WHAT YOU WILL DO
An exact transcript is needed of the material below, beginning at the line that contains "this 1600×1200 image." and continuing through its last line; nothing else should appear.

◇ ◇ ◇ ◇ ◇

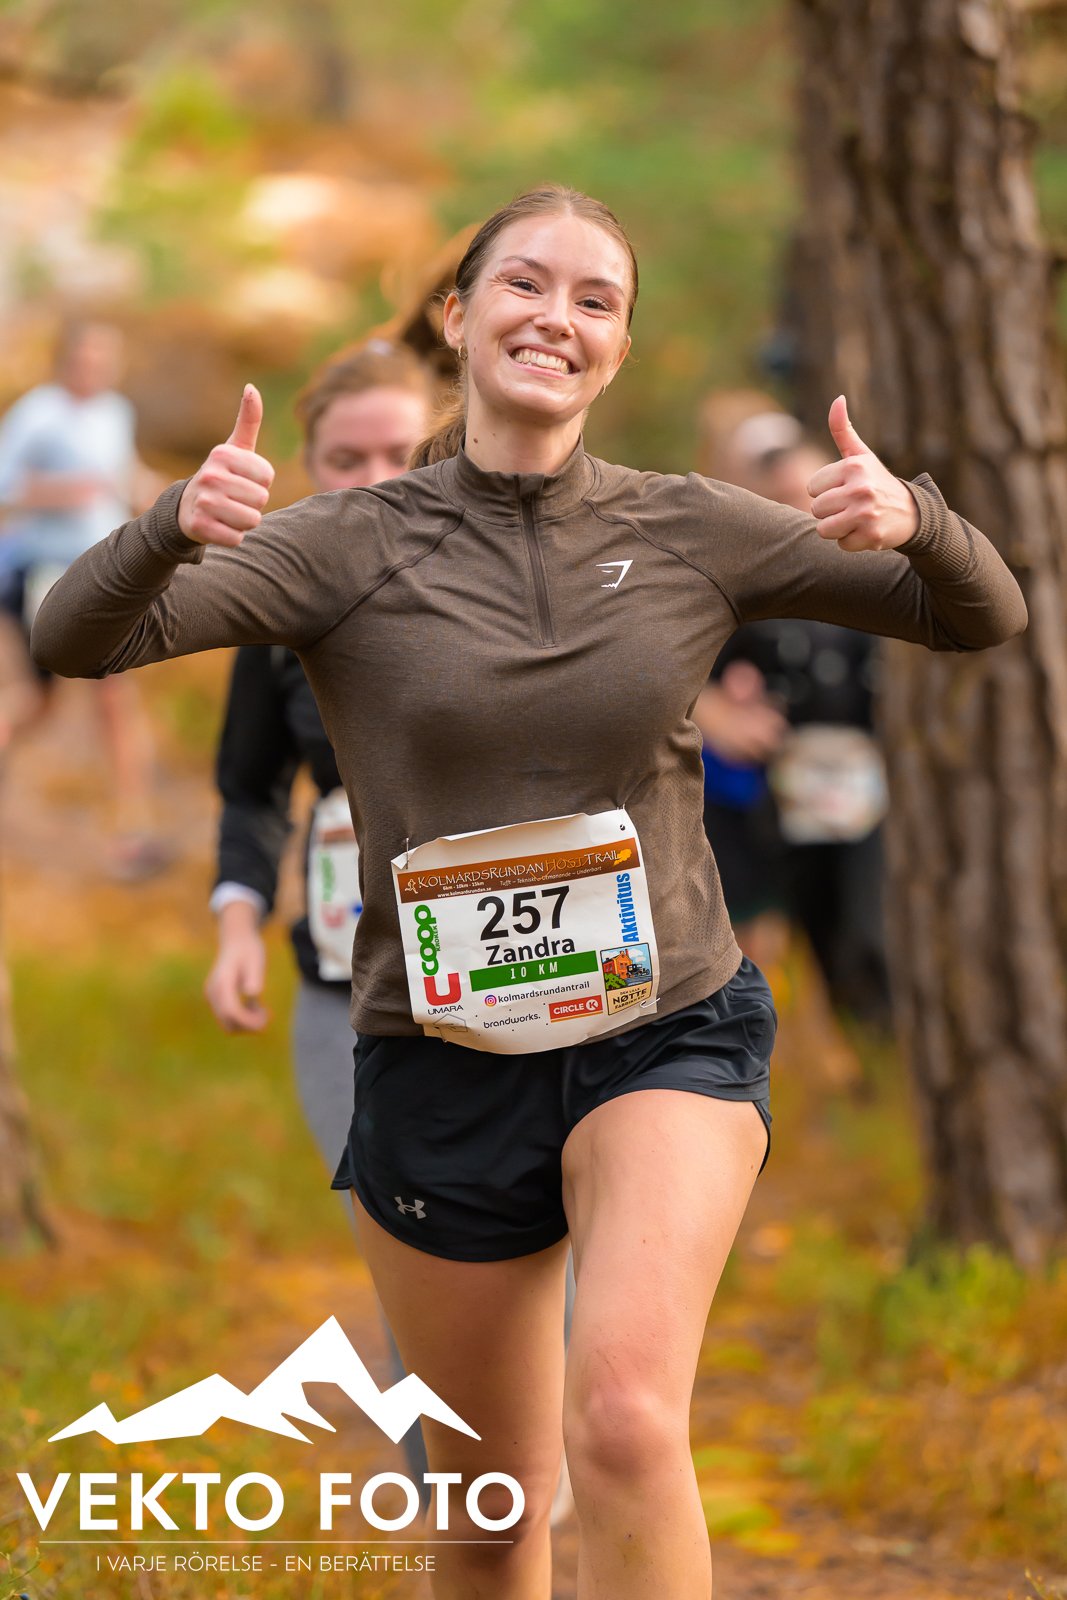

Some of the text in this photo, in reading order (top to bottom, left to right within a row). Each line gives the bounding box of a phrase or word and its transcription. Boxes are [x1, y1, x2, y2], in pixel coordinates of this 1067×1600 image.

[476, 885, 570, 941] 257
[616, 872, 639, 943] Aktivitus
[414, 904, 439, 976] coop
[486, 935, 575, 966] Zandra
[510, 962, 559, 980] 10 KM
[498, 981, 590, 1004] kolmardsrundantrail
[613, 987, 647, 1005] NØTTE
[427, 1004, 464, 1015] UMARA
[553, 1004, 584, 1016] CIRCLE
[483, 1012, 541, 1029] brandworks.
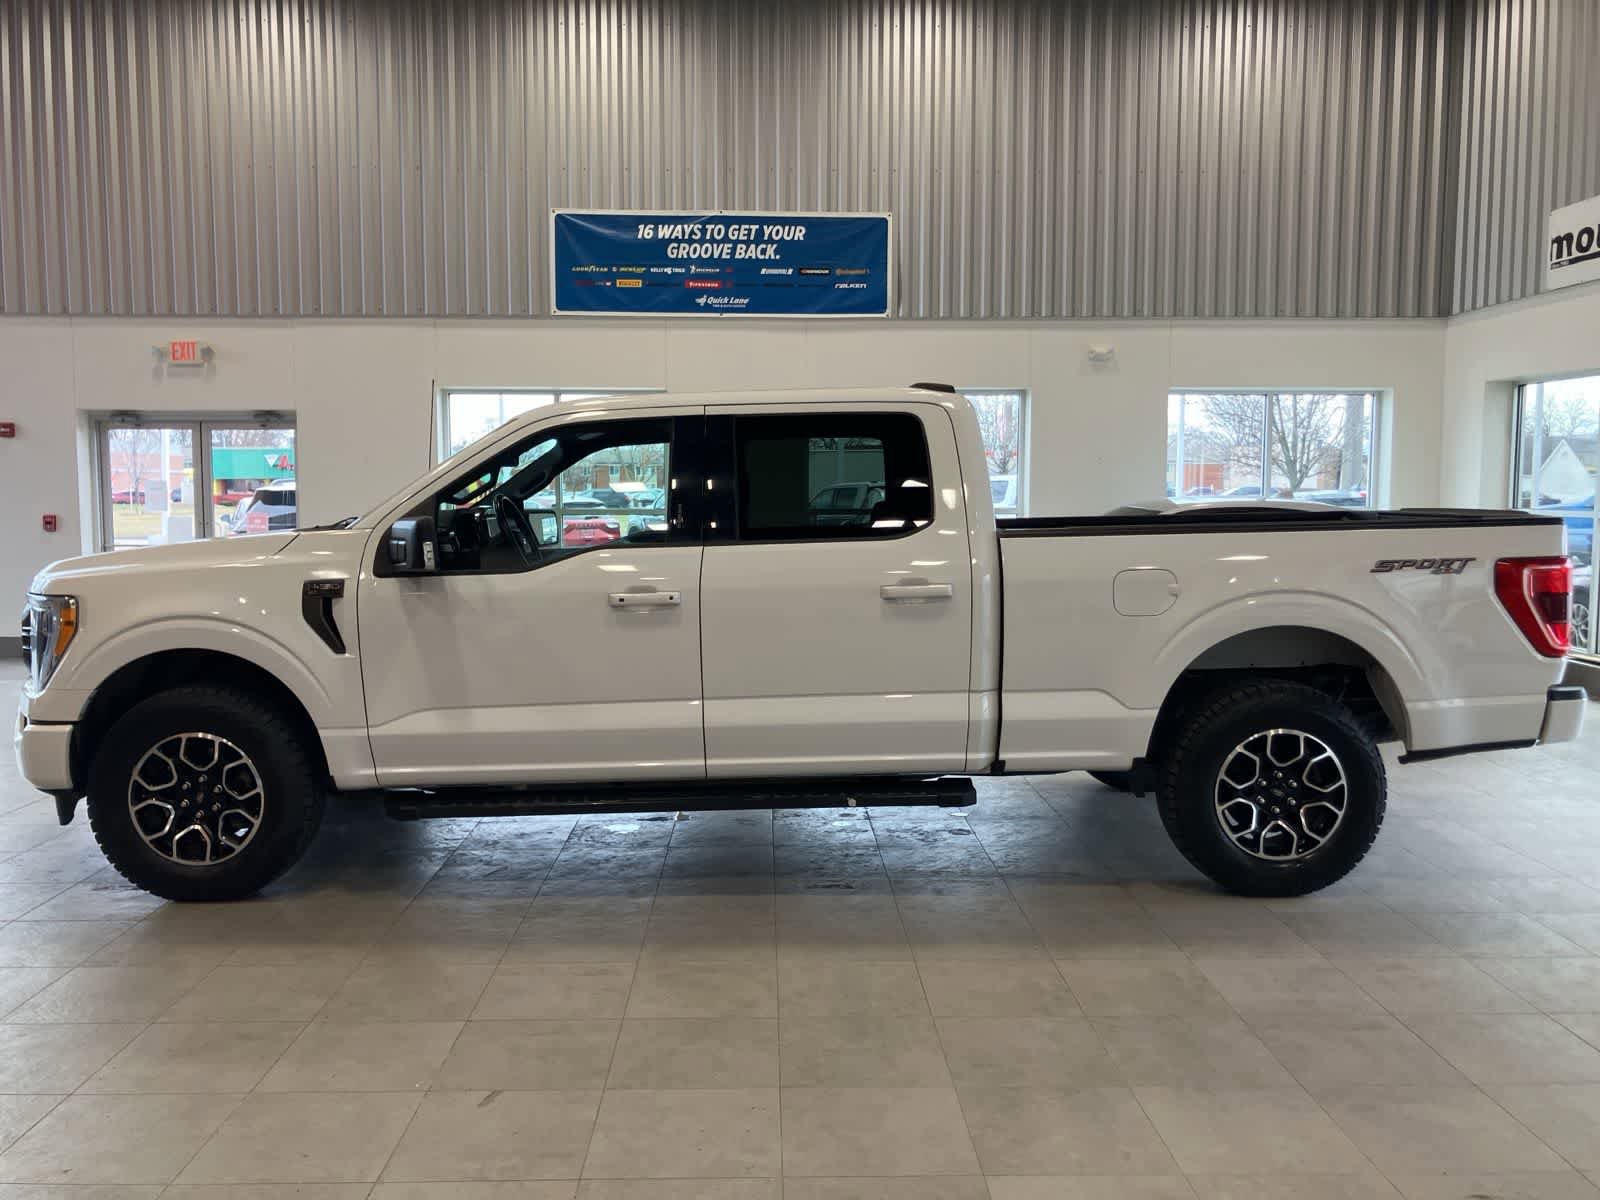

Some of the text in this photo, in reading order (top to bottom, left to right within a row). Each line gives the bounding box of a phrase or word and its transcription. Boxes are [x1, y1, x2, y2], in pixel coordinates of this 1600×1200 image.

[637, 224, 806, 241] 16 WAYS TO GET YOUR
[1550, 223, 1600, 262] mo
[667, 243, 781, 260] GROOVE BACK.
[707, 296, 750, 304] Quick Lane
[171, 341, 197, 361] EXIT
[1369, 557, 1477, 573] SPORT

◇ ◇ ◇ ◇ ◇

TASK RESULT
Some of the text in this photo, in reading order (top to bottom, left to right within a row). Each line gives the bounding box of a phrase or word and its transcription. Boxes are [x1, y1, x2, y2], in pixel coordinates of this 1600×1200 image.

[637, 224, 806, 241] 16 WAYS TO GET YOUR
[1550, 223, 1600, 262] mo
[667, 243, 781, 260] GROOVE BACK.
[707, 296, 750, 304] Quick Lane
[171, 341, 197, 361] EXIT
[1369, 557, 1477, 573] SPORT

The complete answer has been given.